--- What is expected ---
Please return all lines from the records below that include the string "PROPERTIES".

--- Source data ---

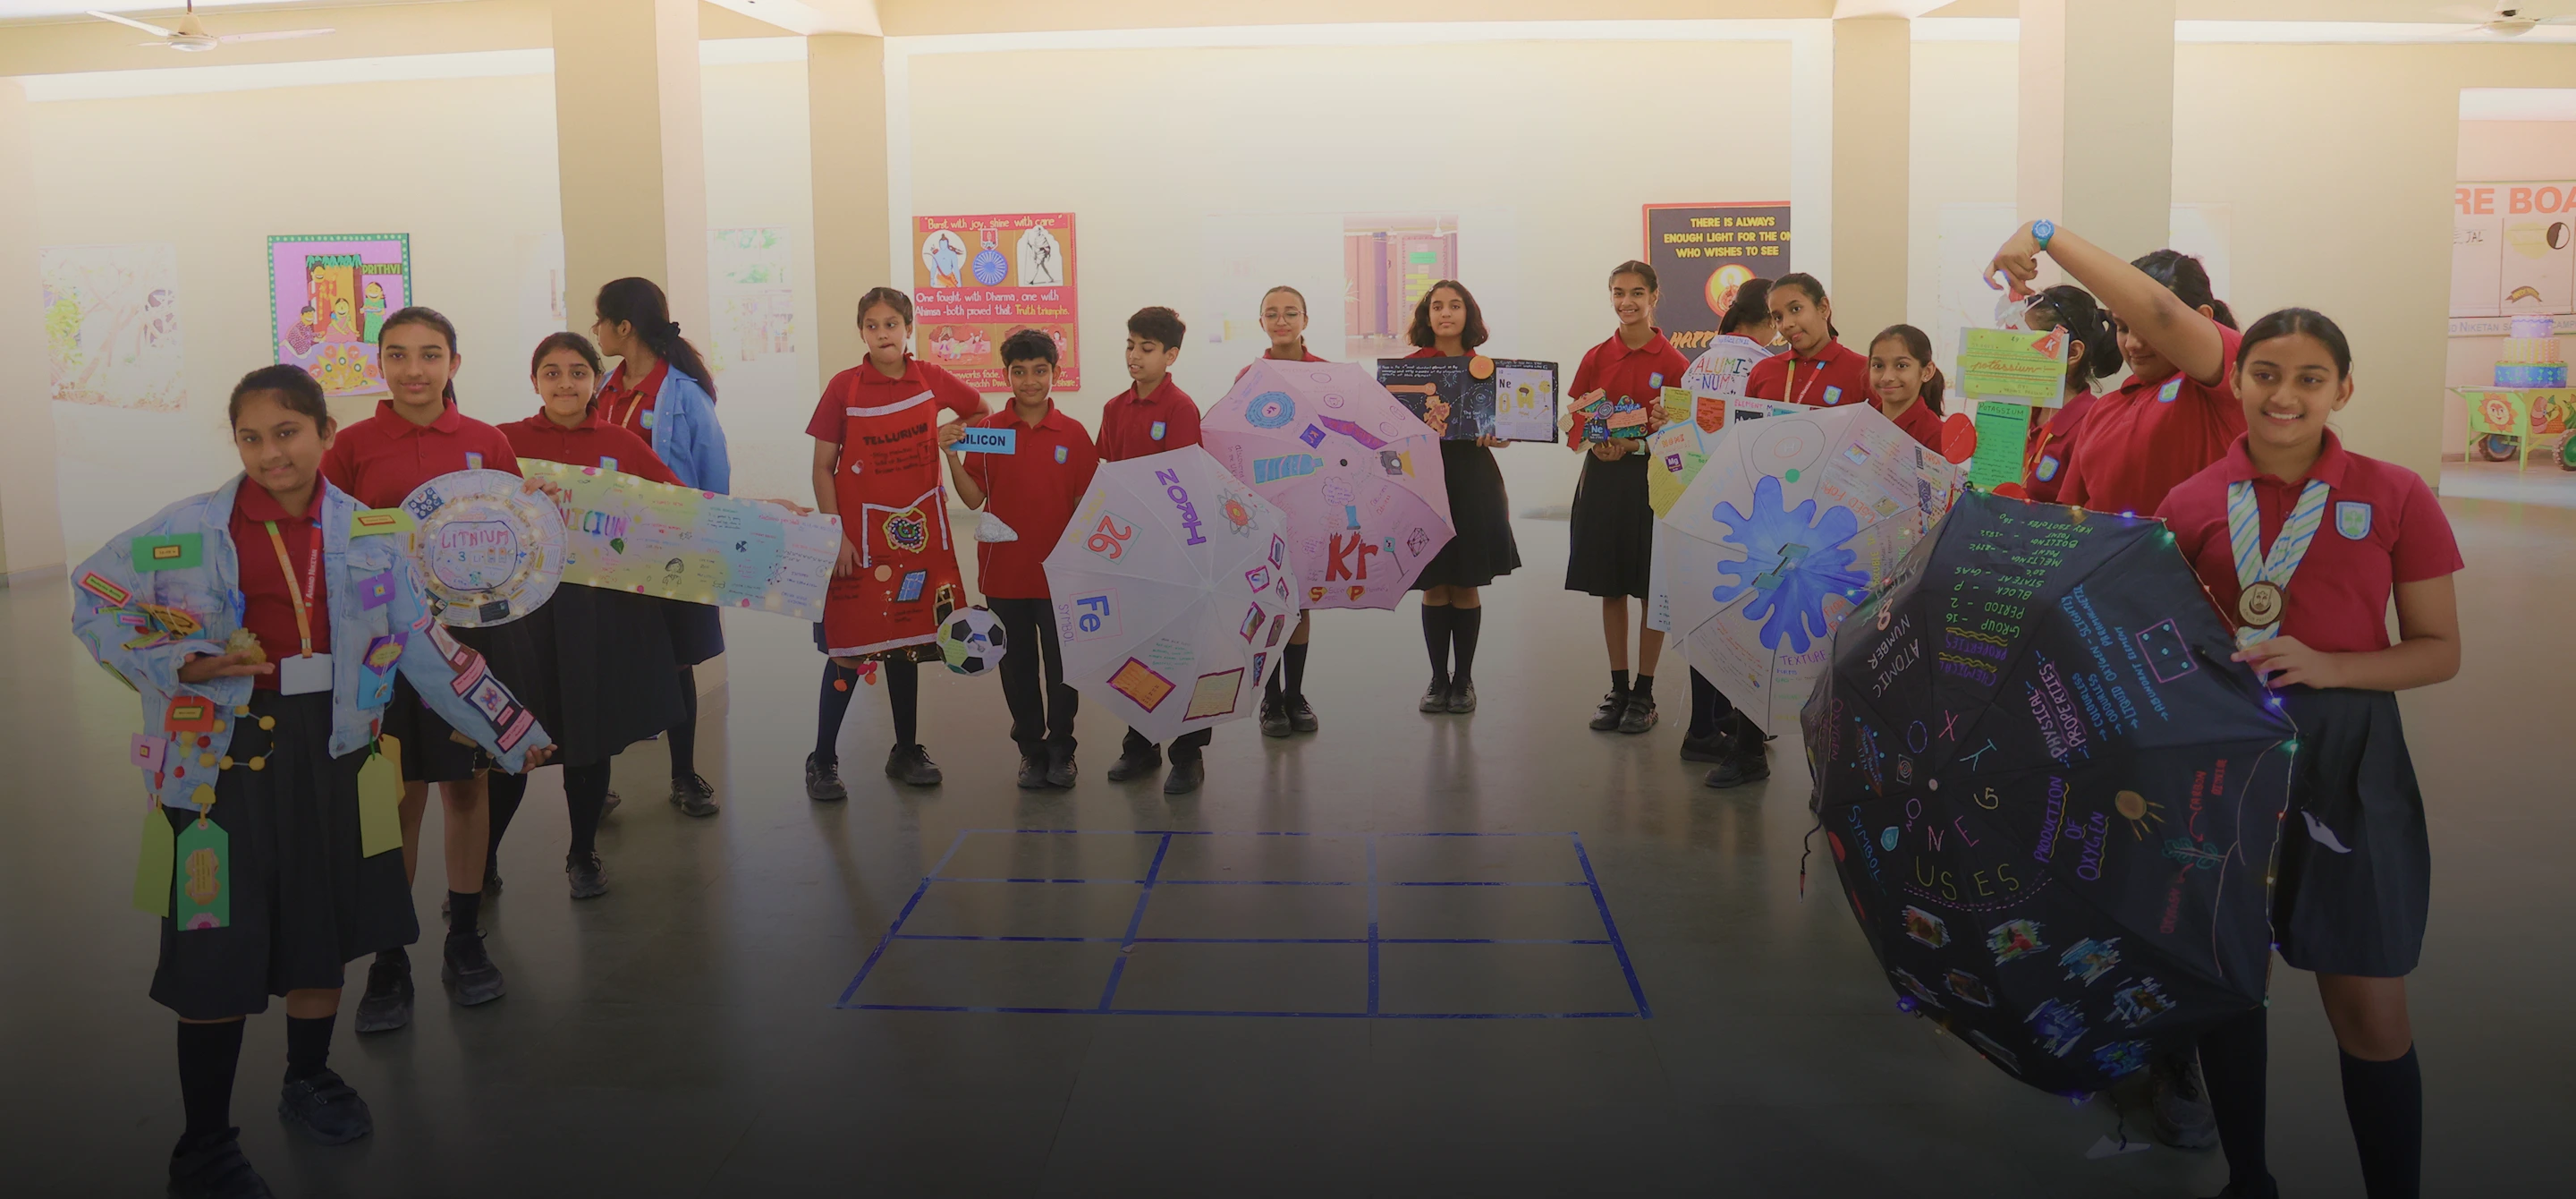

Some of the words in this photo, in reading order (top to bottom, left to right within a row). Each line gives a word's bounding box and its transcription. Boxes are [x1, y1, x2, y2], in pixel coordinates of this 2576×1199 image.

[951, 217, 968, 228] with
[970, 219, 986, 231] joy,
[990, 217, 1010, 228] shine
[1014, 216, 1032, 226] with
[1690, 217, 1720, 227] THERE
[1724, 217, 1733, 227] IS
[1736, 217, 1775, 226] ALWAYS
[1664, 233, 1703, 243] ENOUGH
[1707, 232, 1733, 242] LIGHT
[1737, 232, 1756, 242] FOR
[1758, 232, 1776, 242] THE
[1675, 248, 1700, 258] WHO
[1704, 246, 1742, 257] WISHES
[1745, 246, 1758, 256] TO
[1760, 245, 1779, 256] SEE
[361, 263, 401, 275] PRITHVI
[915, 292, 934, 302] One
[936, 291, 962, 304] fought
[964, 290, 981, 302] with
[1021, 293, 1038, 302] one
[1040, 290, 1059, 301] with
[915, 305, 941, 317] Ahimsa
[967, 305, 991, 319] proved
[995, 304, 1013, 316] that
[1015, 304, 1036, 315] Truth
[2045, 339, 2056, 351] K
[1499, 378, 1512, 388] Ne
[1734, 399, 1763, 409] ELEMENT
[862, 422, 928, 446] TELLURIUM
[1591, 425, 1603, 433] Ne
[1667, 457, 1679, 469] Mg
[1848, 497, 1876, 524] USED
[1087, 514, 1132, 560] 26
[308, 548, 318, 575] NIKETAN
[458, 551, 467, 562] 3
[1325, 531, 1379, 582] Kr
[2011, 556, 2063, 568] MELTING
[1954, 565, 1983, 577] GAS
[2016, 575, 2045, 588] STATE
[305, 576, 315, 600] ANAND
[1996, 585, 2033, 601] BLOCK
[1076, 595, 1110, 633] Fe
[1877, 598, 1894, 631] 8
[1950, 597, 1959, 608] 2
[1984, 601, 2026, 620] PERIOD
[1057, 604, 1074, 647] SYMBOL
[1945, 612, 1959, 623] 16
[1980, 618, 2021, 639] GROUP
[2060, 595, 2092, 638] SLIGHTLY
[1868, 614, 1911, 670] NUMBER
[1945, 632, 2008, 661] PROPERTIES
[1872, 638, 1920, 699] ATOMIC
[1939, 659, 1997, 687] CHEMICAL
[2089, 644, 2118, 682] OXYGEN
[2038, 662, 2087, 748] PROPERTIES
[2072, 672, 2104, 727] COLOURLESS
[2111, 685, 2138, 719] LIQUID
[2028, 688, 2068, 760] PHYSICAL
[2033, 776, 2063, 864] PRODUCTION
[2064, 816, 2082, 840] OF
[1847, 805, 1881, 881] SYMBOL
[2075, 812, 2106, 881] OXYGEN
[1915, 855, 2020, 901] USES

--- Response ---
[1945, 632, 2008, 661] PROPERTIES
[2038, 662, 2087, 748] PROPERTIES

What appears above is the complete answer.